I don't know whether you are religious or not, but I've always found meditating or running/walking (I'm guessing you can't run/long walks because of the lung) helps me focus my mind and relax. All my fears seem to fade away.
The unknown of what is around the corner is so scarey and I know that I can't possibly know what you are going through.
But if I could hold your hand right now and reassure you that tomorrow is another day, I would.
love S.
Thank you. Yes...I have been hugging many strangers amongst all thd hospital people I have had to see lately....just wanting the reassurance that I will wake up and that these operations are being done all the time and these surgeons know what they are doing. I don't think I've ever been so petrified in all my life...I suppose because it's lungs, not a knee replacement or such!

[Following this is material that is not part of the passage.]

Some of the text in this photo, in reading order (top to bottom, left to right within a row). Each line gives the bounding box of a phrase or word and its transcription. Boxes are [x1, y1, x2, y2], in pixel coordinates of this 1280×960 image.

What a foul epidemic of a disease....
Hi @Georgie65 and welcome!
How are you doing today?
I've just sent you an email with some details of our Cancer Connect program, I think this would be a great option for you right now.

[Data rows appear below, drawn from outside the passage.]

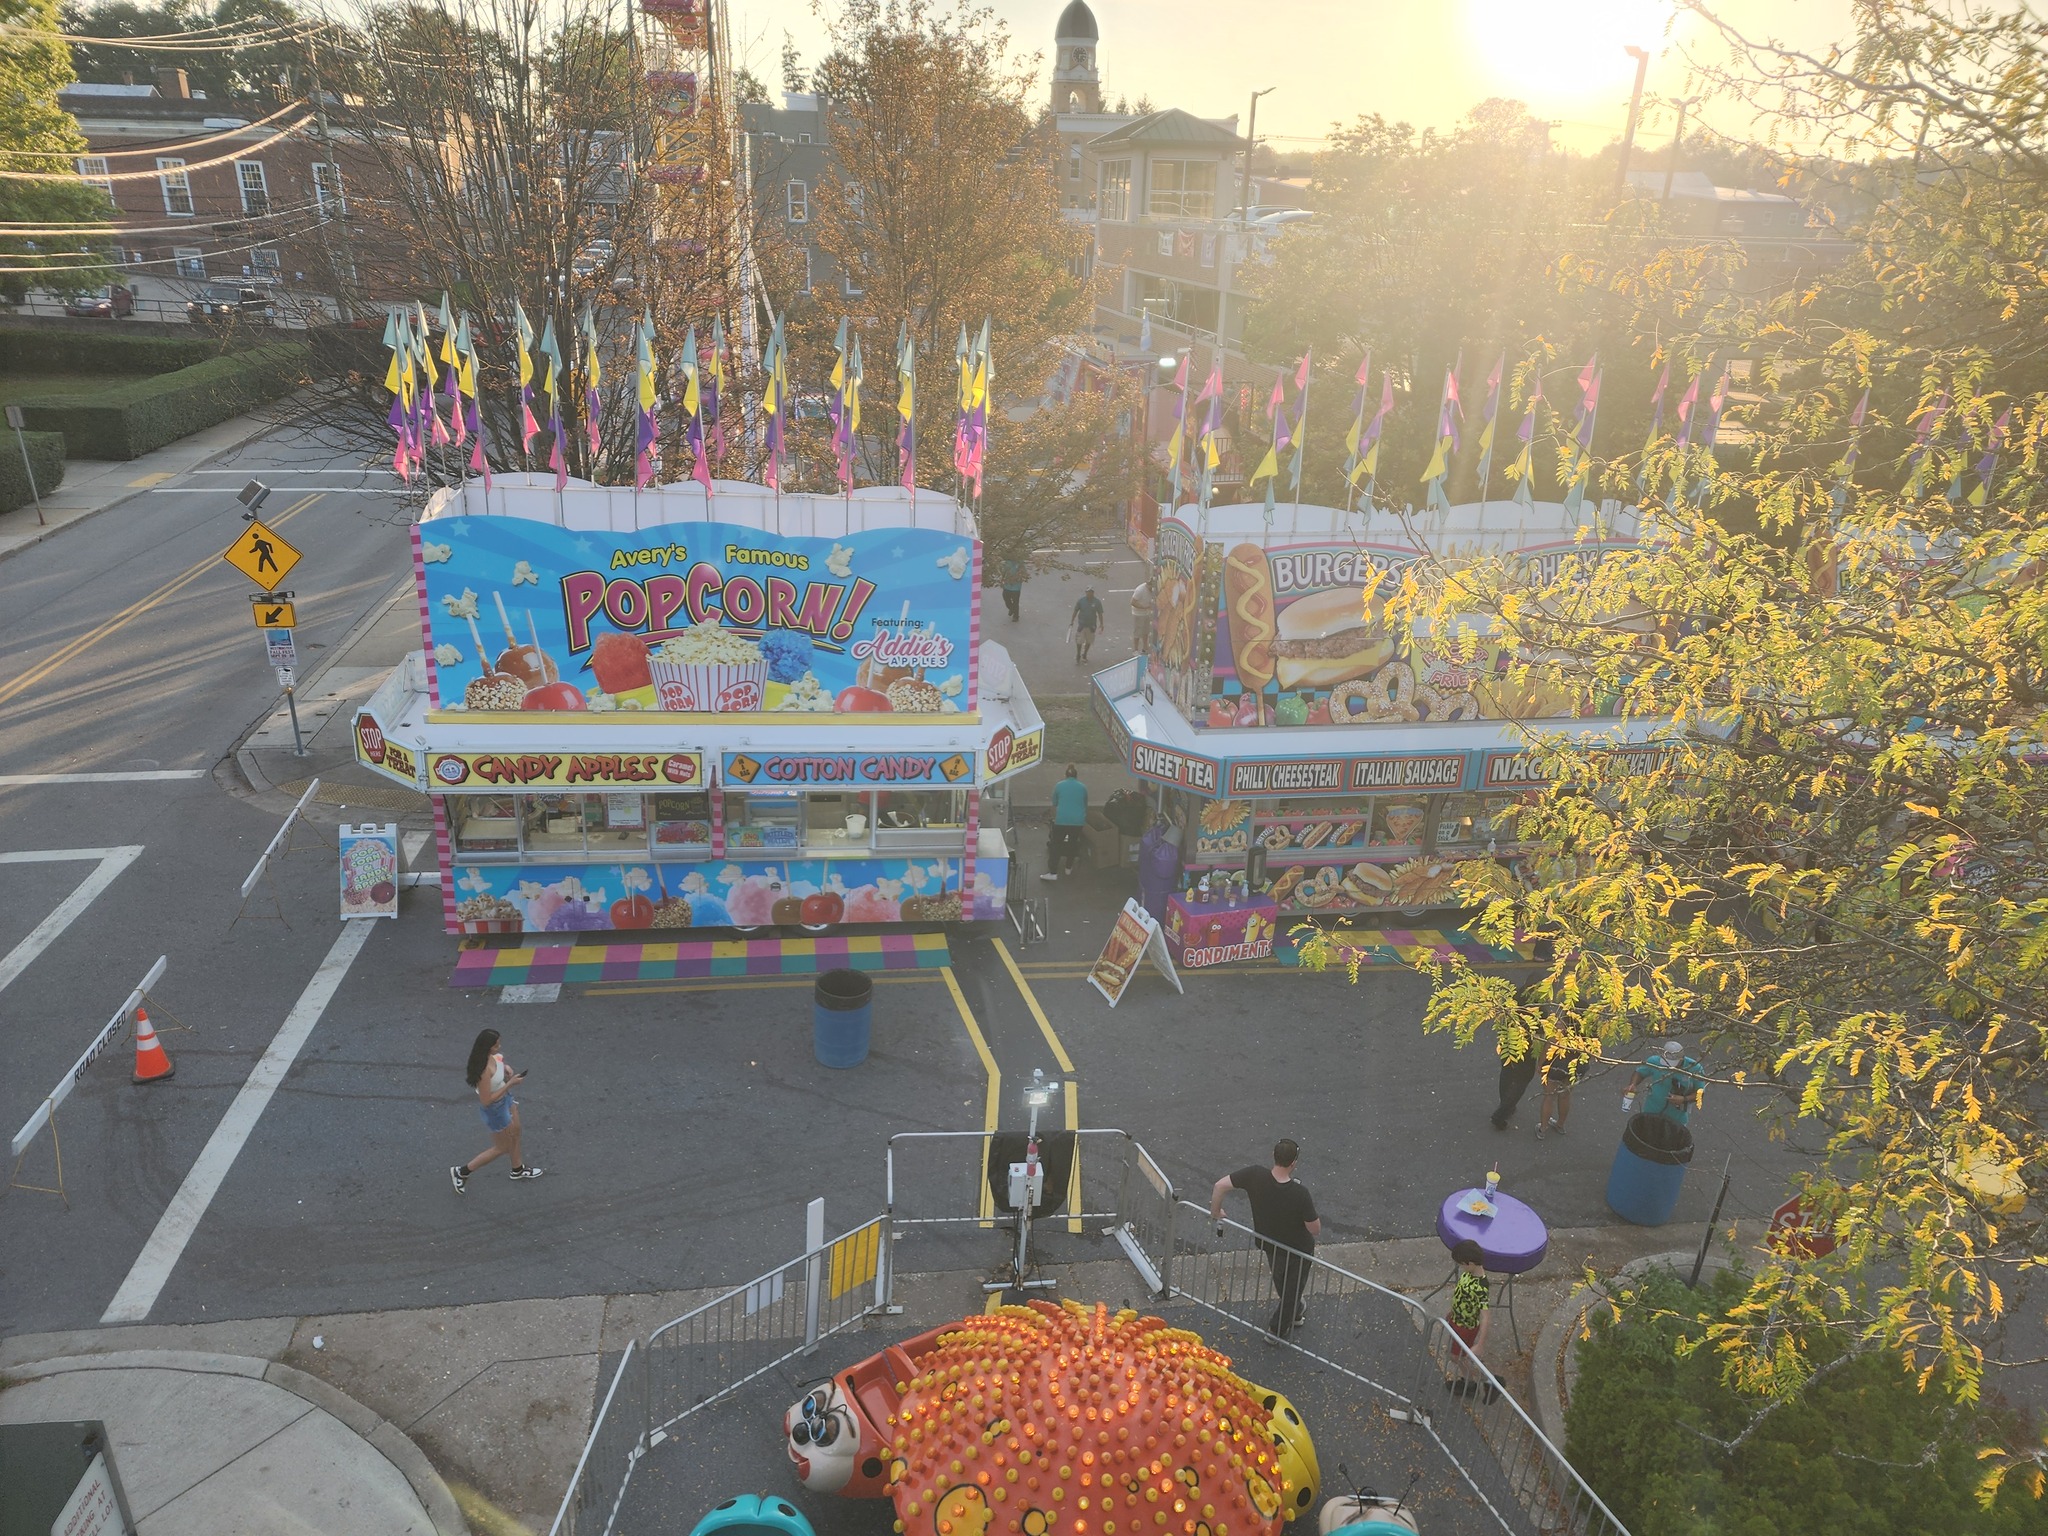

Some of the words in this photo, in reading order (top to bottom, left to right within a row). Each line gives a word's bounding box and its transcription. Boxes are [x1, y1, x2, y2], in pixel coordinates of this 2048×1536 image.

[610, 543, 687, 570] Avery's
[725, 544, 809, 571] Famous
[561, 562, 877, 652] POPCORN!
[871, 618, 924, 629] Featuring:
[852, 629, 952, 662] Addie's
[890, 657, 946, 666] APPLES
[661, 685, 683, 699] POP
[720, 685, 752, 703] POP
[361, 728, 382, 749] STOP
[1016, 740, 1027, 751] FOR
[389, 746, 403, 760] FOR
[404, 753, 409, 763] A
[989, 735, 1010, 766] STOP
[1011, 744, 1038, 765] TREAT
[386, 754, 416, 778] TREAT
[473, 754, 563, 784] CANDY
[566, 754, 659, 782] APPLES
[668, 759, 694, 771] Caramel
[679, 770, 691, 778] Nuts
[764, 755, 856, 781] COTTON
[859, 755, 936, 781] CANDY
[1135, 745, 1182, 780] SWEET
[1186, 757, 1214, 789] TEA
[1355, 762, 1403, 785] ITALIAN
[1404, 759, 1460, 784] SAUSAGE
[1235, 764, 1271, 790] PHILLY
[1271, 763, 1342, 788] CHEESESTEAK
[658, 798, 690, 811] POPCORN
[351, 847, 374, 860] POP
[351, 853, 381, 868] CORN
[353, 866, 389, 882] CANDY
[363, 864, 373, 872] &
[355, 872, 393, 891] APPLES
[1183, 939, 1273, 968] CONDIMENTS
[74, 1048, 95, 1083] ROAD
[97, 1010, 126, 1055] CLOSED
[64, 1479, 101, 1536] ADDITIONAL
[97, 1490, 107, 1508] AT
[101, 1499, 114, 1522] LOT

Sorry to hear you have not had much support, thankfully you have found us!! I also have scleroderma, though mine is localised, related conditions do cause problems
Have a look at my email and reply if you're interested, I can also have our Connect team chat to you about counselling
You are not alone now!
-Kate
Online Community Manager
Hello
I had the lobectomy in June. They removed the right hand side, lower lobe.
I had a 7 day stay in hospital, and continued on strong pain killers for about 2 weeks afterwards.
I found I spent most days at home for the first few weeks living my in pj's and watching tv, or sleeping (side effect of the pain killers).
After a few weeks I started feeling normal again. It felt like I had popcorn in my chest, it was the lung trying to expand, it was a weird sensation.
i start my chemo (for precaution) tomorrow. I am having 4 cycles of it.
My lung cancer was stage 2, nodule in the lung, and an infected lymph node.
Hopefully it will never return, but the fear is still there.
Hope everything goes well for you.